Scanned image recording is utilized in various applications including printers and copiers. In scanned image recording, means of recording which performs image recording in only one direction (main scanning direction) is moved relative to a recording material in an auxiliary scanning direction which is perpendicular to the main scanning direction, whereby an image is recorded two-dimensionally on the recording material.
For example, thermal image recording involves the use of a thermal head having a glaze in which heat-generating elements for heating the thermal recording layer of a thermal recording material to record an image are arranged in one direction (main scanning direction) and, the thermal head and the thermal material are relatively moved in the auxiliary scanning direction perpendicular to the direction in which the glaze extends, by scanning and transporting the thermal material or the thermal head with the glaze a little pressed against the thermal material (thermal recording layer), and the respective heat-generating elements of the glaze are heated imagewise by energy application to heat the thermal recording layer of the thermal material, thereby accomplishing image reproduction.
This thermal image recording is commonly used to record images produced in diagnosis by ultrasonic scanning.
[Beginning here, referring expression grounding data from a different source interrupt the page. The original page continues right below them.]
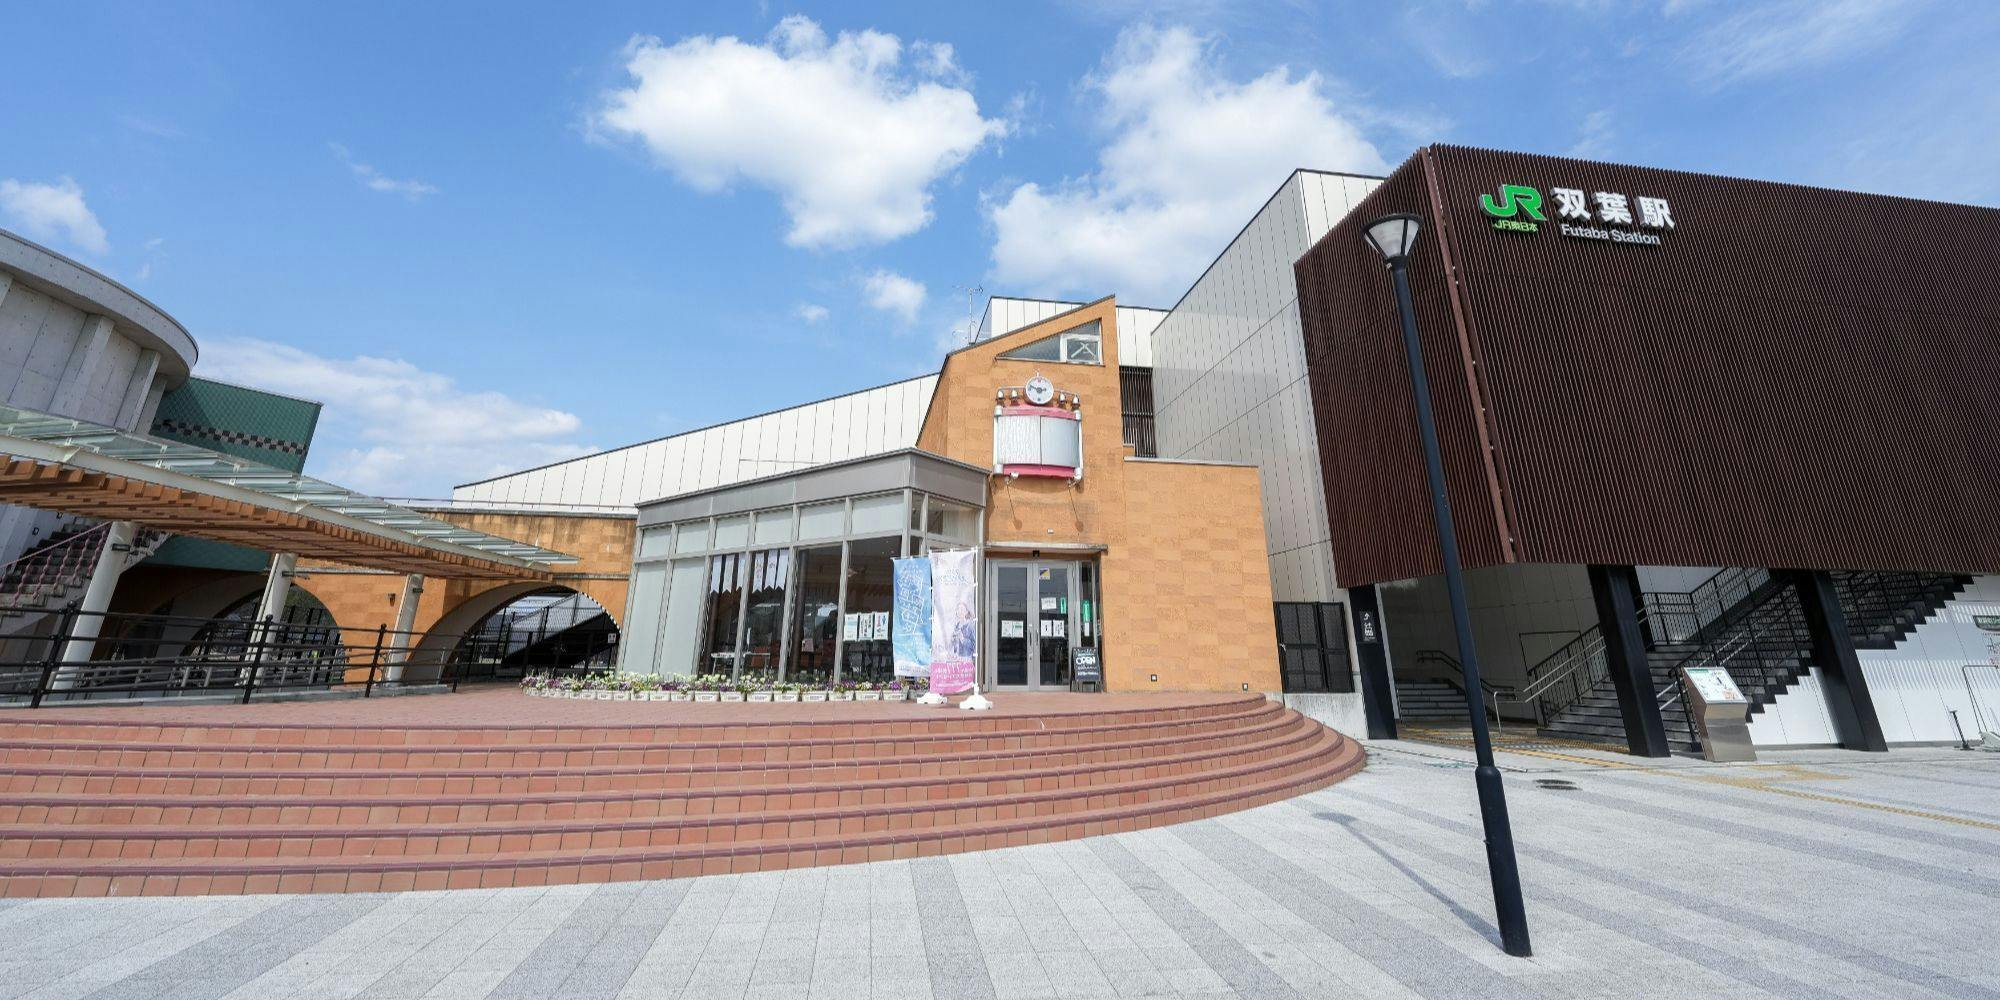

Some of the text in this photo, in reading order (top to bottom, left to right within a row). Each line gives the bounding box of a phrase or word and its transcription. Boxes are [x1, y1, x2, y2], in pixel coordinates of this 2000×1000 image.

[1480, 184, 1547, 221] JR
[1552, 187, 1675, 231] 双葉駅
[1495, 219, 1538, 232] JR東日本
[1561, 223, 1661, 245] Futaba Station
[1075, 656, 1096, 665] OPEN
This recording method eliminates the need for wet processing and offers several advantages including convenience in handling. Hence in recent years, the use of the thermal image recording system is not limited to small-scale applications such as diagnosis by ultrasonic scanning and an extension to those areas of medical diagnoses such as CT, MRI and X-ray photography where large and high-quality images are required is under review.
In scanned image recording by means of optical beams, an optical beam modulated in accordance with the image to be recorded is deflected in the main scanning direction while the light-sensitive material is transported in the auxiliary scanning direction. In scanned image recording using an LED array, the LED array and the light-sensitive material are moved relative to each other in a direction perpendicular to the direction in which the individual LEDs are arranged and, at the same time, the luminous elements (pixels) in the LED array are activated in accordance with the image to be recorded. Thus, in above both cases, the light-sensitive material is scan exposed two-dimensionally to perform image recording.
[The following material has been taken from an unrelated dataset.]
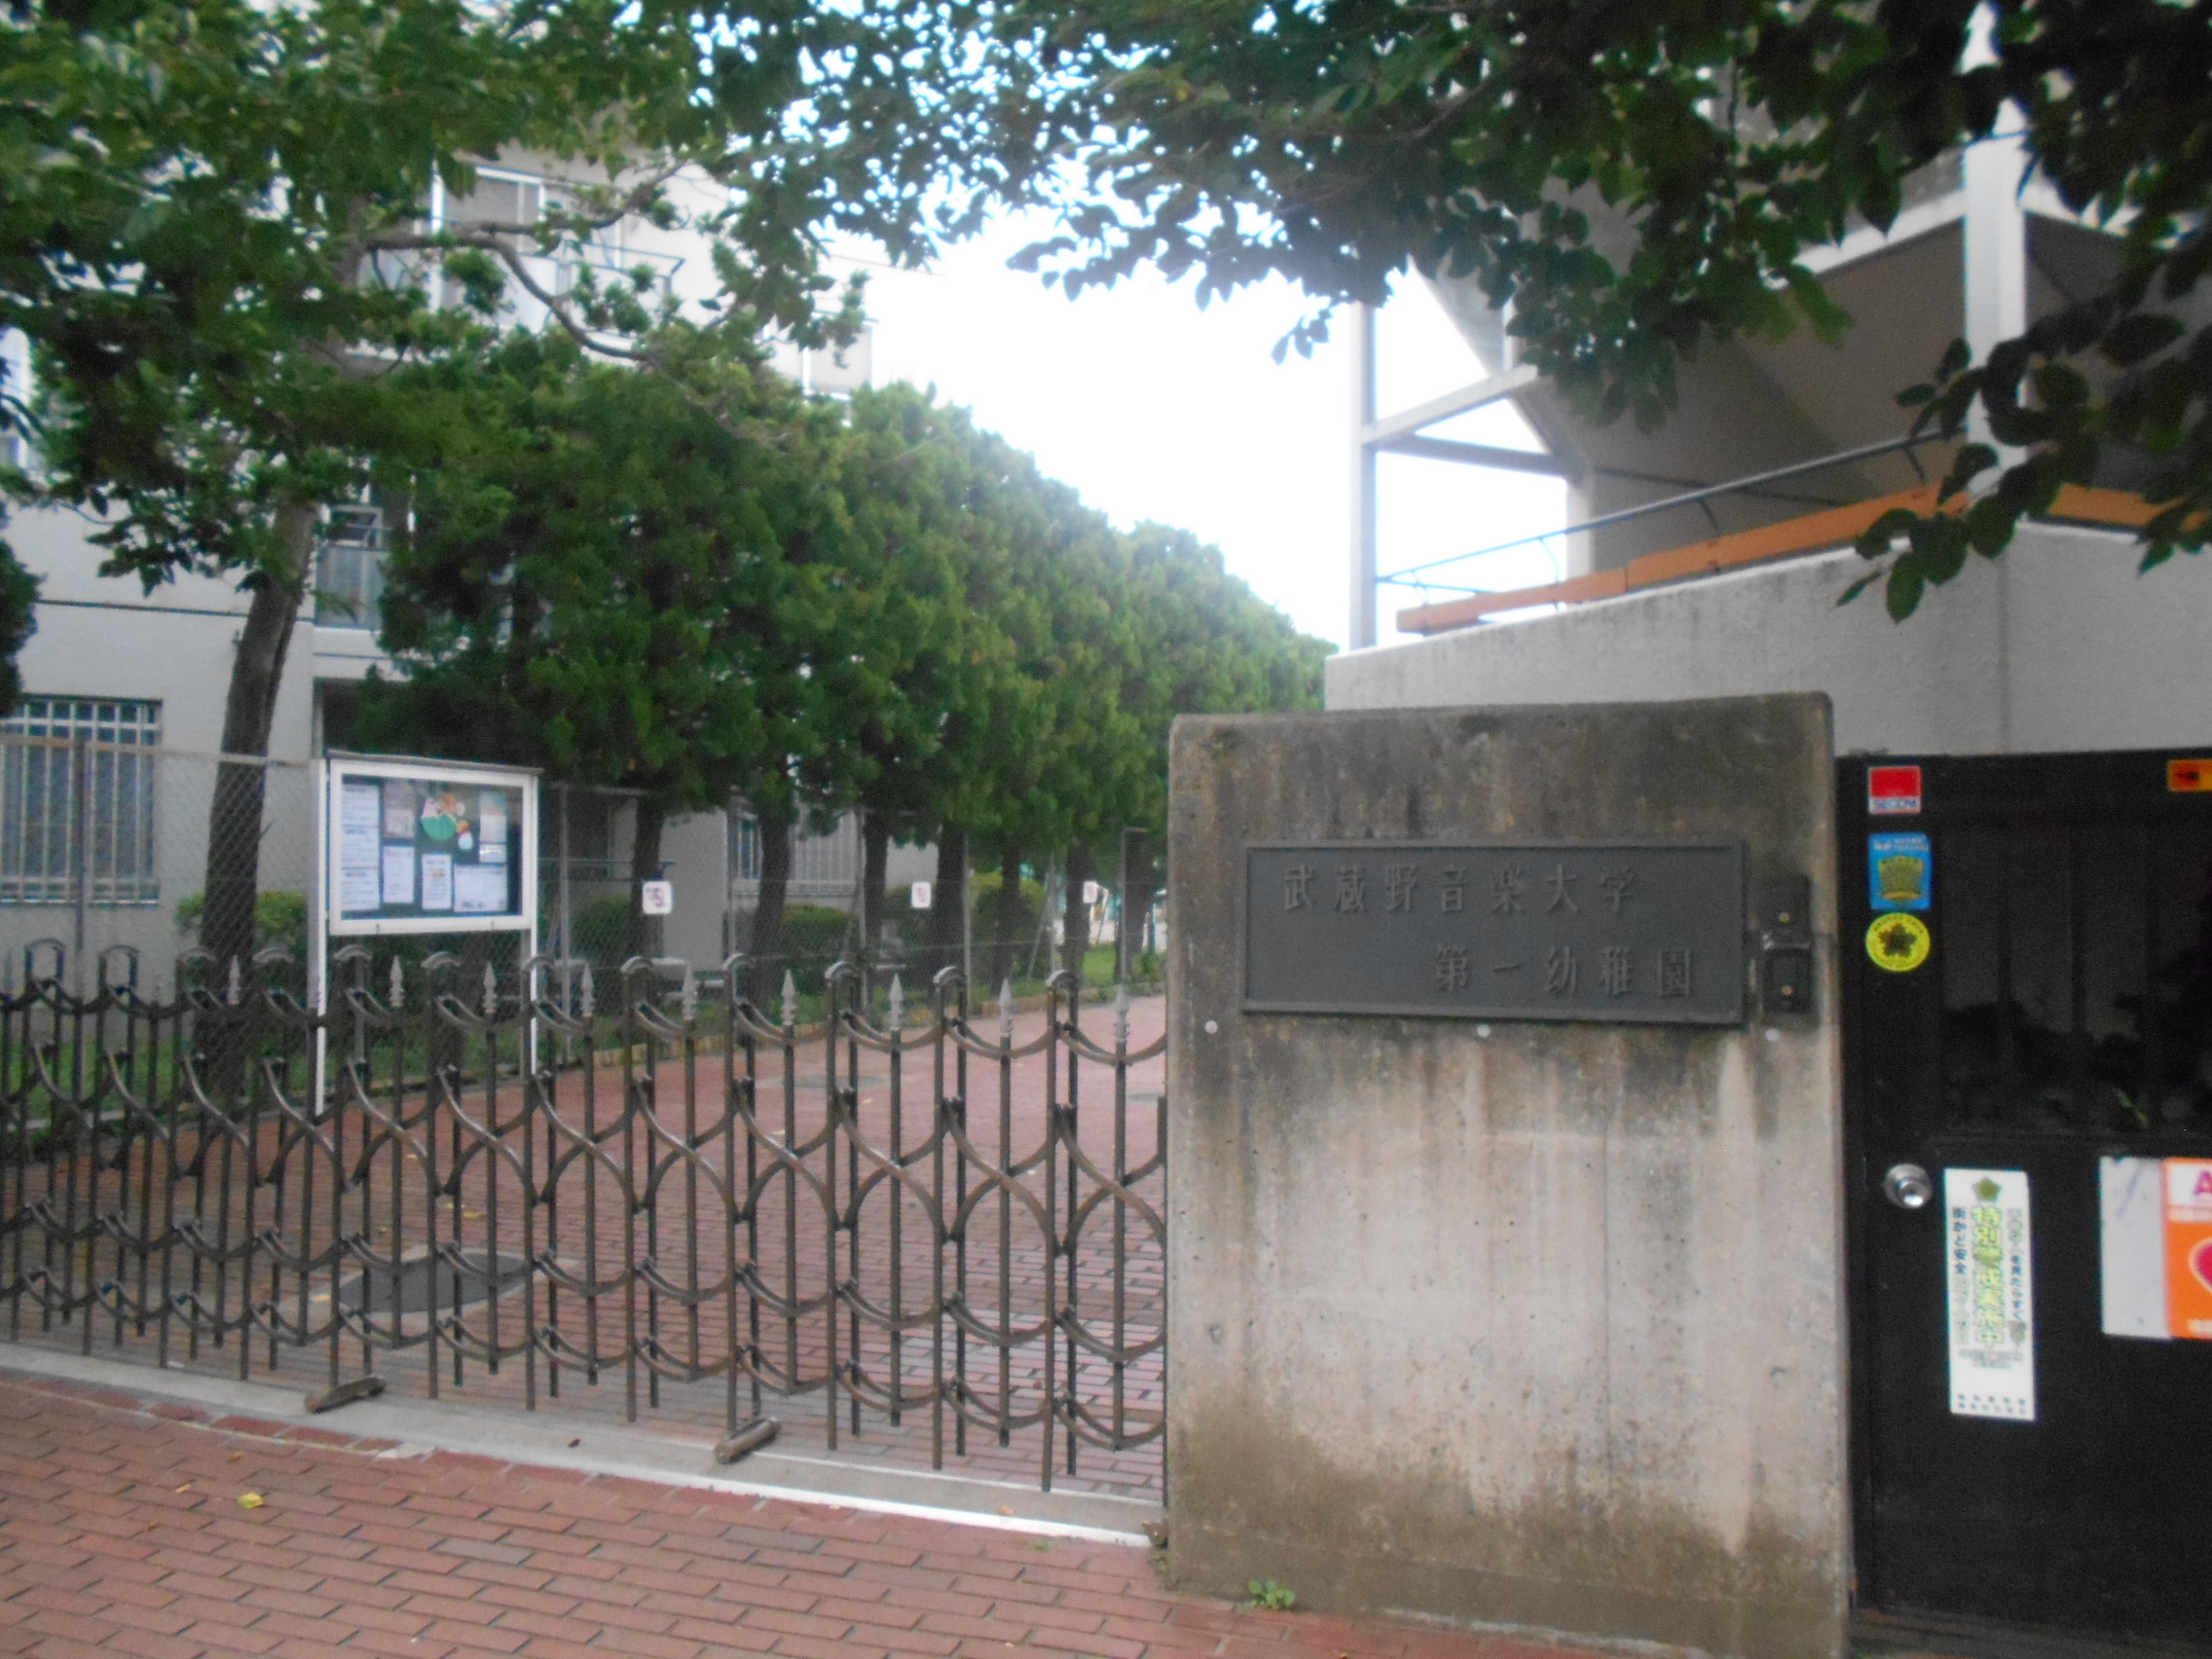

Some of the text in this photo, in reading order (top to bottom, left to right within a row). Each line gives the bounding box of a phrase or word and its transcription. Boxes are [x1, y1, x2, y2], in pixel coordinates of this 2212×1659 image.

[1283, 863, 1637, 913] 武蔵野音楽大学
[1435, 943, 1692, 997] 第一幼稚園
These types of scanned image recording have a common problem in that even if it is attempted to perform image recording at uniform density, individual recording apparatus have their own peculiar characteristics which cause uneven image densities in the main scanning direction. This phenomenon is commonly called "shading" and deteriorates the quality of the recorded image.
In the case of thermal image recording, the shape of the glaze on the thermal head is not uniform throughout all pixels but scatters unavoidably; therefore, even if the respective heat-generating elements are supplied with the same amount of energy, they will generate different amounts of heat, causing "shading" or unevenness in the density of the image being recorded.
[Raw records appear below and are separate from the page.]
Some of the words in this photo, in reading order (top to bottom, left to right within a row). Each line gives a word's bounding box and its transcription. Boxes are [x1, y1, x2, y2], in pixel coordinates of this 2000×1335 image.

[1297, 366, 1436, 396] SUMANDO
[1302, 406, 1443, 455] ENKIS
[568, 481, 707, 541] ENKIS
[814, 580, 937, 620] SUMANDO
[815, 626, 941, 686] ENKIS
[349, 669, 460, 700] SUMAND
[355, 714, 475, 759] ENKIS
In order to prevent the deterioration in image quality due to "shading", certain models of image recording apparatus are adapted to perform "shading compensation", in which the unevenness in image density due to shading is corrected. A typical procedure of shading compensation is as follows. First, image recording is performed on the basis of image data having uniform density in the main scanning direction; the densities of the recorded image are measured and with a certain pixel, say, one of a minimal density, being taken as a reference, the coefficient of shading compensation which will provide a uniform image density for all pixels is calculated for each pixel and stored in a suitable device such as a memory (this is a step of setting the conditions for shading compensation). With the conditions for shading compensation having been thusly set, shading compensation in actual image recording is performed by multiplying the image data from its supply source by the calculated coefficients of shading compensation.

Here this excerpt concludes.